## Image-backed grounding data
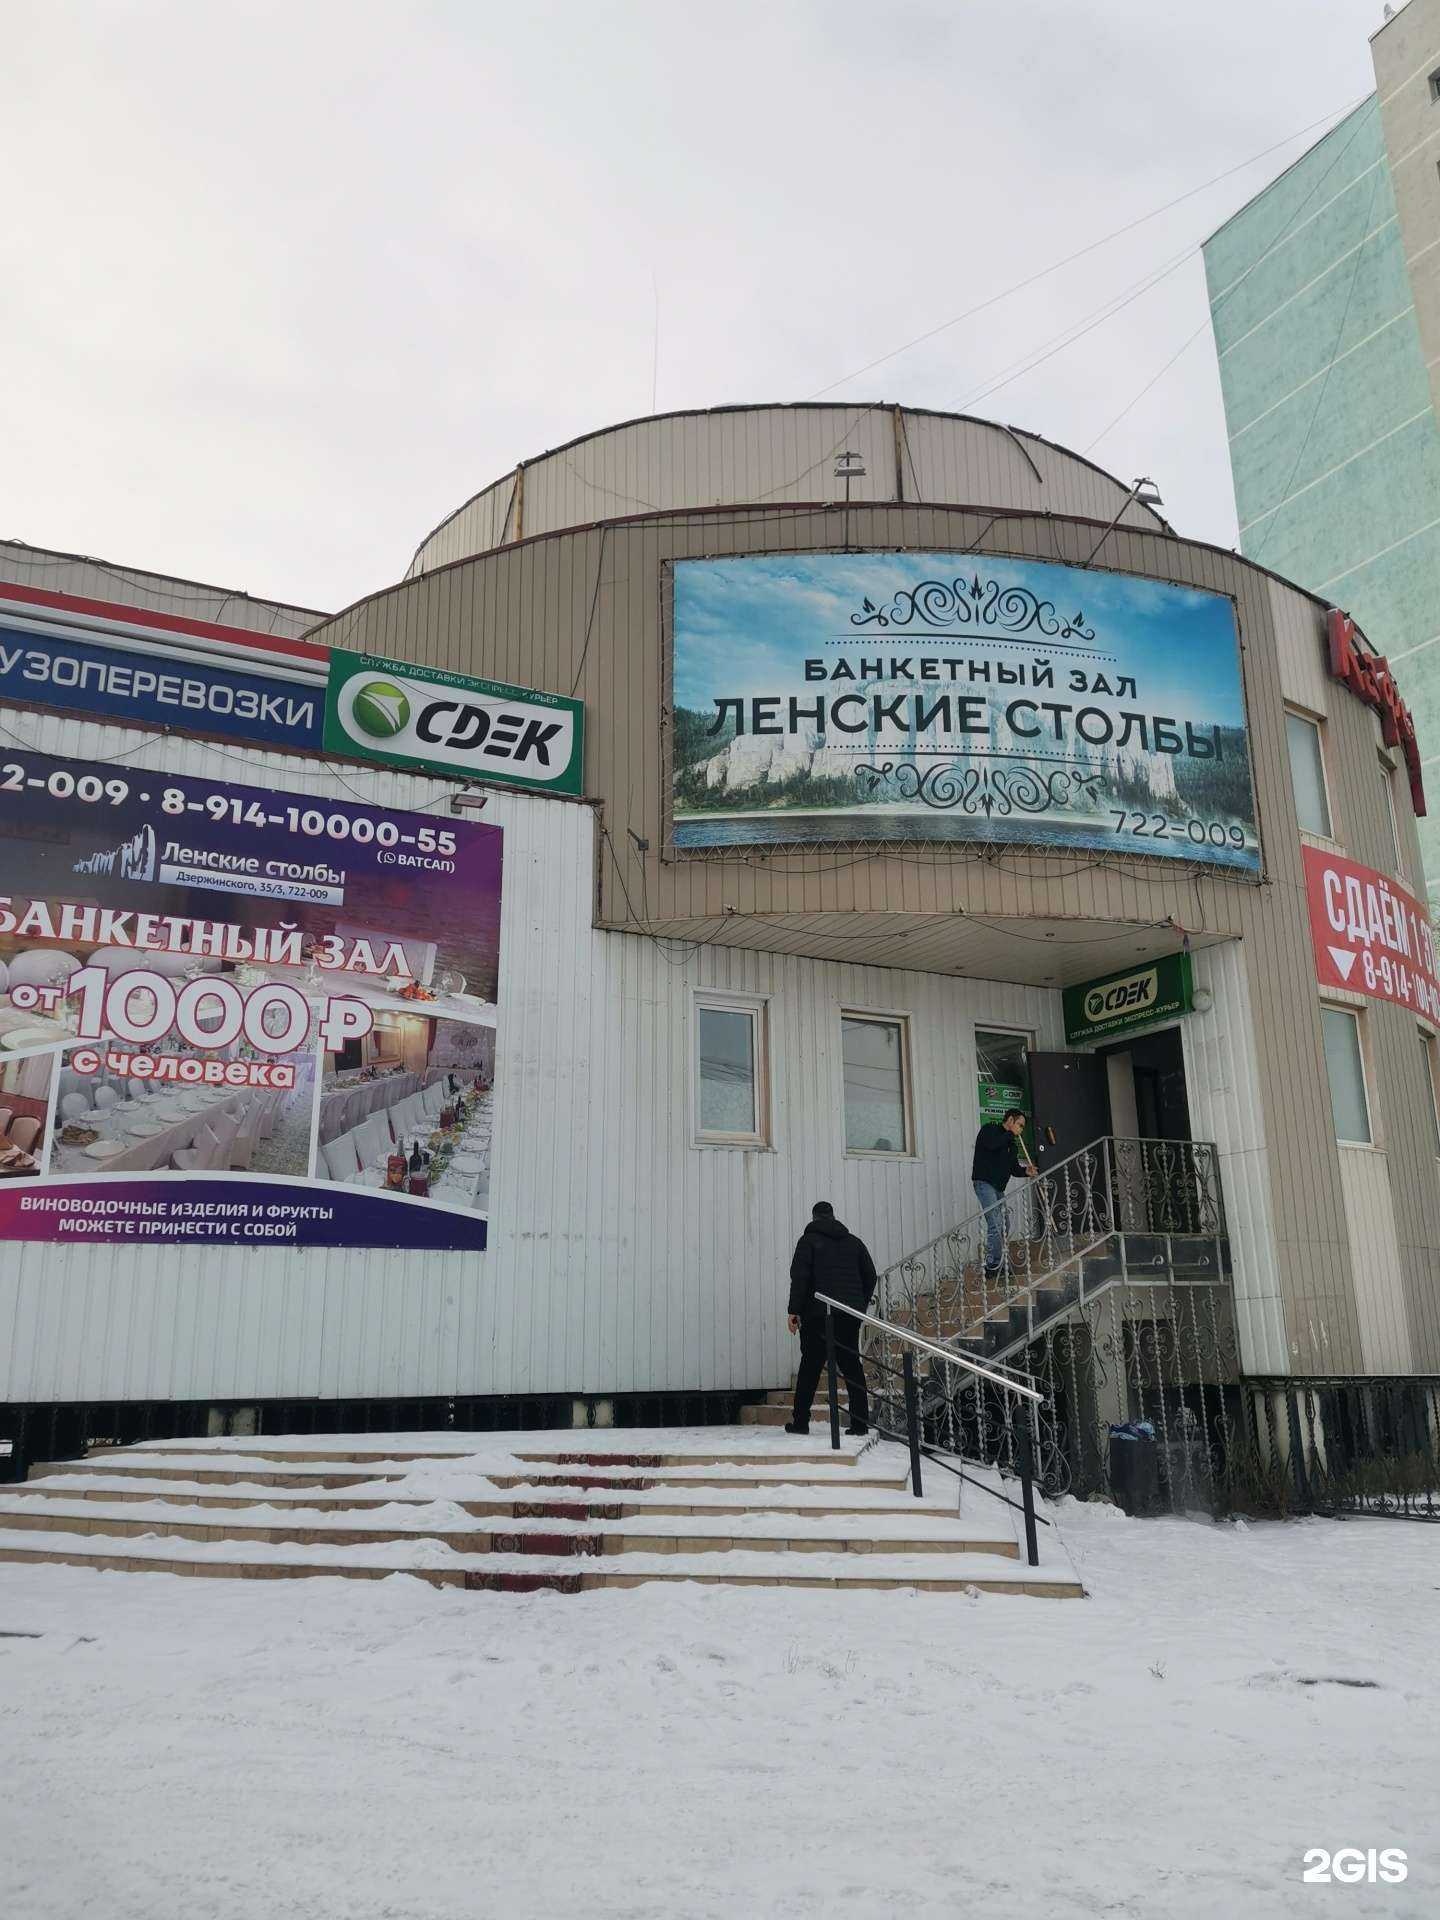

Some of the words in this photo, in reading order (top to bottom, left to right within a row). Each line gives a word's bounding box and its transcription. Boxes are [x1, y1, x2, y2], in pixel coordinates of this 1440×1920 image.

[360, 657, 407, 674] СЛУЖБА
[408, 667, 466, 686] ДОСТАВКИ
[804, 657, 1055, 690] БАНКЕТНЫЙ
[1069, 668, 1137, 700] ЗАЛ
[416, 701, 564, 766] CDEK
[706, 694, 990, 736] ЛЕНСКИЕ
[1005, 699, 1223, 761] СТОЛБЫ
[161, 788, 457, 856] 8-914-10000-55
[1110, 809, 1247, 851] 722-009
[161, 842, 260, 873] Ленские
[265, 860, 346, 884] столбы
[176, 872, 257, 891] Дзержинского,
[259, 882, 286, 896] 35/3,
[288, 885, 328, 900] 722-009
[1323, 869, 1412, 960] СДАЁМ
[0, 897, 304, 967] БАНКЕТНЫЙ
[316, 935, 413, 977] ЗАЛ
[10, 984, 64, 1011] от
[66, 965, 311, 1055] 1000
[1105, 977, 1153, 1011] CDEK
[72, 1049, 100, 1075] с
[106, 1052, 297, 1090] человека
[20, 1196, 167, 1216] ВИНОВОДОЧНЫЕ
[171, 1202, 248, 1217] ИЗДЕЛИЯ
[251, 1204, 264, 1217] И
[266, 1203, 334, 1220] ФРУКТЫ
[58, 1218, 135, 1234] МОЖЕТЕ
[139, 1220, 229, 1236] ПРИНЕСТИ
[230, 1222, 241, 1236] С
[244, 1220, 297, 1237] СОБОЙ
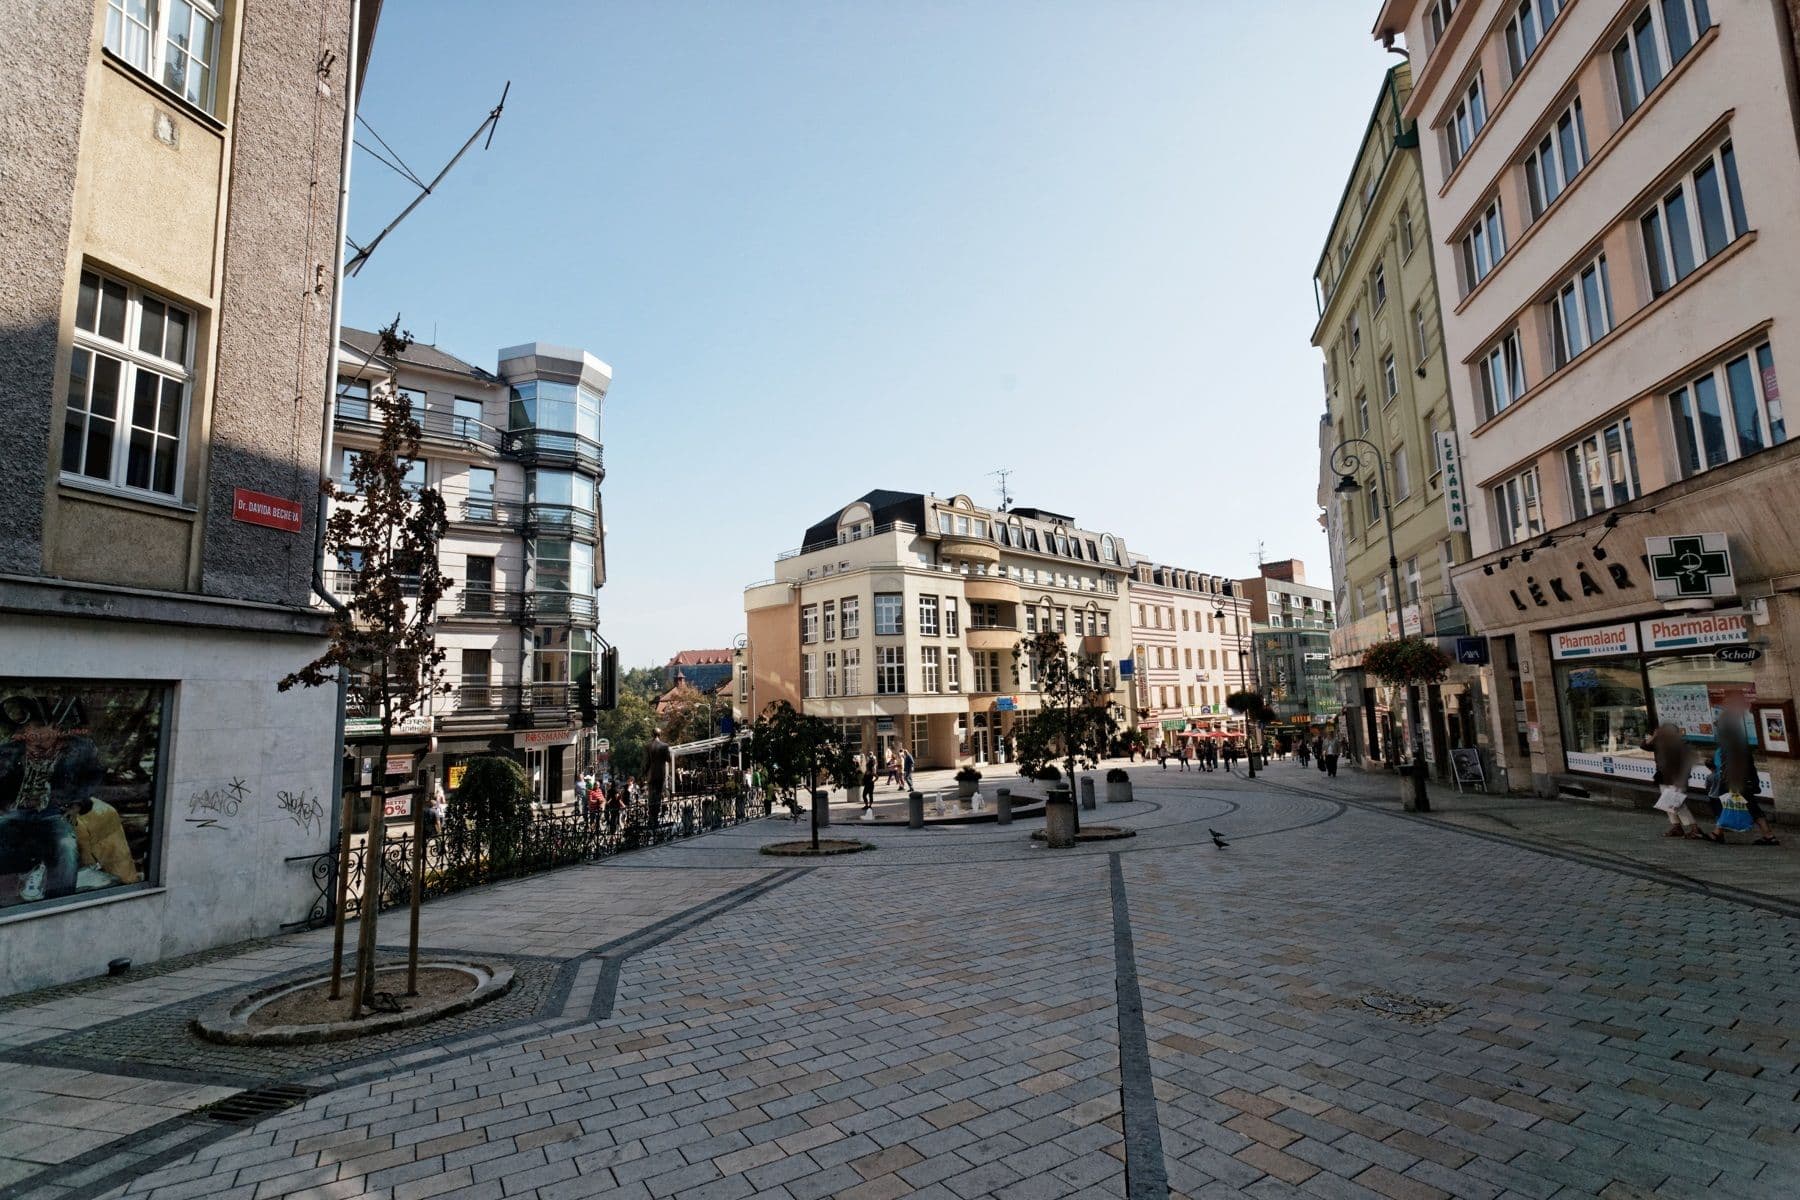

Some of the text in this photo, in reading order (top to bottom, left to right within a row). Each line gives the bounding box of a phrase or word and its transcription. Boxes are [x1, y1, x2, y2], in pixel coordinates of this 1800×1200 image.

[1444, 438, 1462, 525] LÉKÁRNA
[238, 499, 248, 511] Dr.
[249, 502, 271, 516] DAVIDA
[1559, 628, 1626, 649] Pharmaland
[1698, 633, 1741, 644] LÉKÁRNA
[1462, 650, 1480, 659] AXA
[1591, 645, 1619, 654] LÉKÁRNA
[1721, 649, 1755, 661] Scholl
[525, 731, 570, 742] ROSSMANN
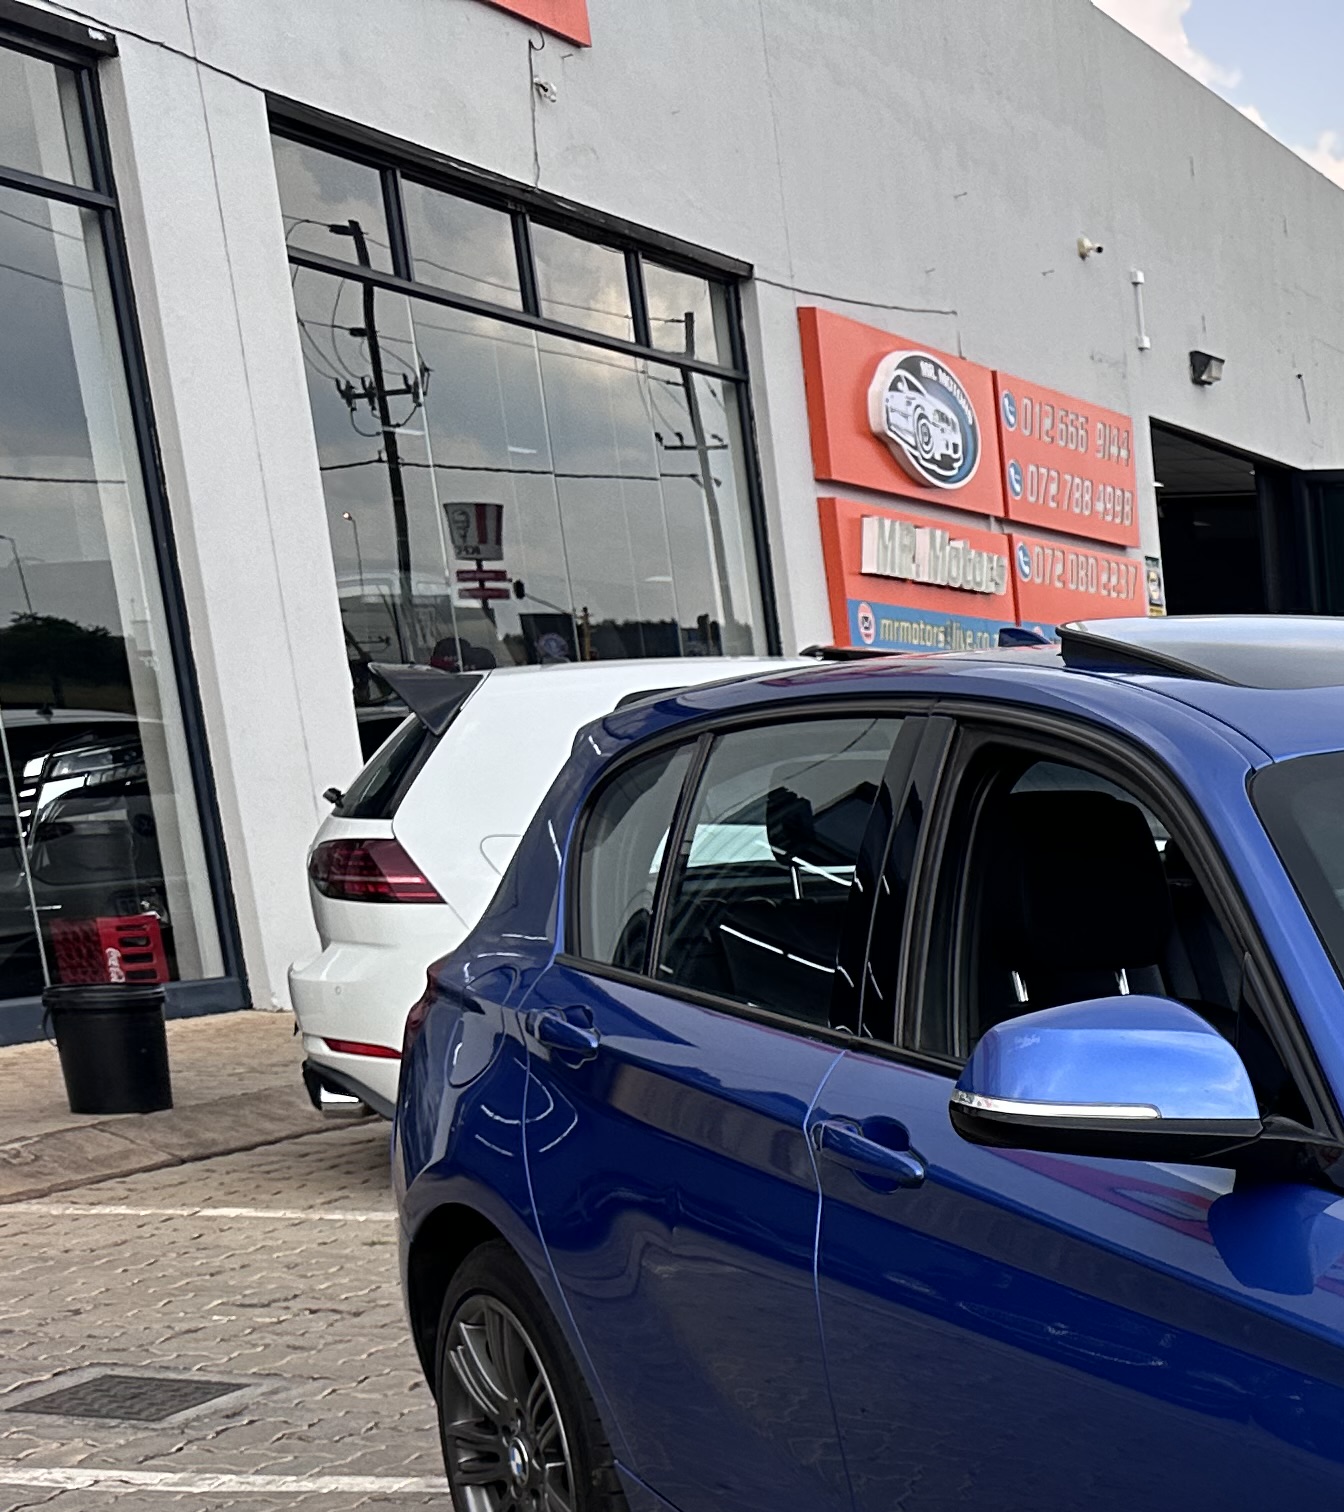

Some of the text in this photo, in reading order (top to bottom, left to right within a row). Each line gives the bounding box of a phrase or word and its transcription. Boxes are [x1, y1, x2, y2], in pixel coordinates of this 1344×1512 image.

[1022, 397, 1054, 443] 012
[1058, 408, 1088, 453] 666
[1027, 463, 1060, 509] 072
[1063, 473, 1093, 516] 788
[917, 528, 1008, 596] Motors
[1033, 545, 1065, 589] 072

## DIRECTIONS FOR THIS TASK
Print every line above exactly. Leave the pictures out.

## REPLY TO THE EXERCISE
Some of the words in this photo, in reading order (top to bottom, left to right within a row). Each line gives a word's bounding box and its transcription. Boxes are [x1, y1, x2, y2], in pixel coordinates of this 1440×1920 image.

[360, 657, 407, 674] СЛУЖБА
[408, 667, 466, 686] ДОСТАВКИ
[804, 657, 1055, 690] БАНКЕТНЫЙ
[1069, 668, 1137, 700] ЗАЛ
[416, 701, 564, 766] CDEK
[706, 694, 990, 736] ЛЕНСКИЕ
[1005, 699, 1223, 761] СТОЛБЫ
[161, 788, 457, 856] 8-914-10000-55
[1110, 809, 1247, 851] 722-009
[161, 842, 260, 873] Ленские
[265, 860, 346, 884] столбы
[176, 872, 257, 891] Дзержинского,
[259, 882, 286, 896] 35/3,
[288, 885, 328, 900] 722-009
[1323, 869, 1412, 960] СДАЁМ
[0, 897, 304, 967] БАНКЕТНЫЙ
[316, 935, 413, 977] ЗАЛ
[10, 984, 64, 1011] от
[66, 965, 311, 1055] 1000
[1105, 977, 1153, 1011] CDEK
[72, 1049, 100, 1075] с
[106, 1052, 297, 1090] человека
[20, 1196, 167, 1216] ВИНОВОДОЧНЫЕ
[171, 1202, 248, 1217] ИЗДЕЛИЯ
[251, 1204, 264, 1217] И
[266, 1203, 334, 1220] ФРУКТЫ
[58, 1218, 135, 1234] МОЖЕТЕ
[139, 1220, 229, 1236] ПРИНЕСТИ
[230, 1222, 241, 1236] С
[244, 1220, 297, 1237] СОБОЙ

Some of the text in this photo, in reading order (top to bottom, left to right within a row). Each line gives the bounding box of a phrase or word and its transcription. Boxes are [x1, y1, x2, y2], in pixel coordinates of this 1800×1200 image.

[1444, 438, 1462, 525] LÉKÁRNA
[238, 499, 248, 511] Dr.
[249, 502, 271, 516] DAVIDA
[1559, 628, 1626, 649] Pharmaland
[1698, 633, 1741, 644] LÉKÁRNA
[1462, 650, 1480, 659] AXA
[1591, 645, 1619, 654] LÉKÁRNA
[1721, 649, 1755, 661] Scholl
[525, 731, 570, 742] ROSSMANN

Some of the text in this photo, in reading order (top to bottom, left to right within a row). Each line gives the bounding box of a phrase or word and its transcription. Boxes are [x1, y1, x2, y2], in pixel coordinates of this 1344×1512 image.

[1022, 397, 1054, 443] 012
[1058, 408, 1088, 453] 666
[1027, 463, 1060, 509] 072
[1063, 473, 1093, 516] 788
[917, 528, 1008, 596] Motors
[1033, 545, 1065, 589] 072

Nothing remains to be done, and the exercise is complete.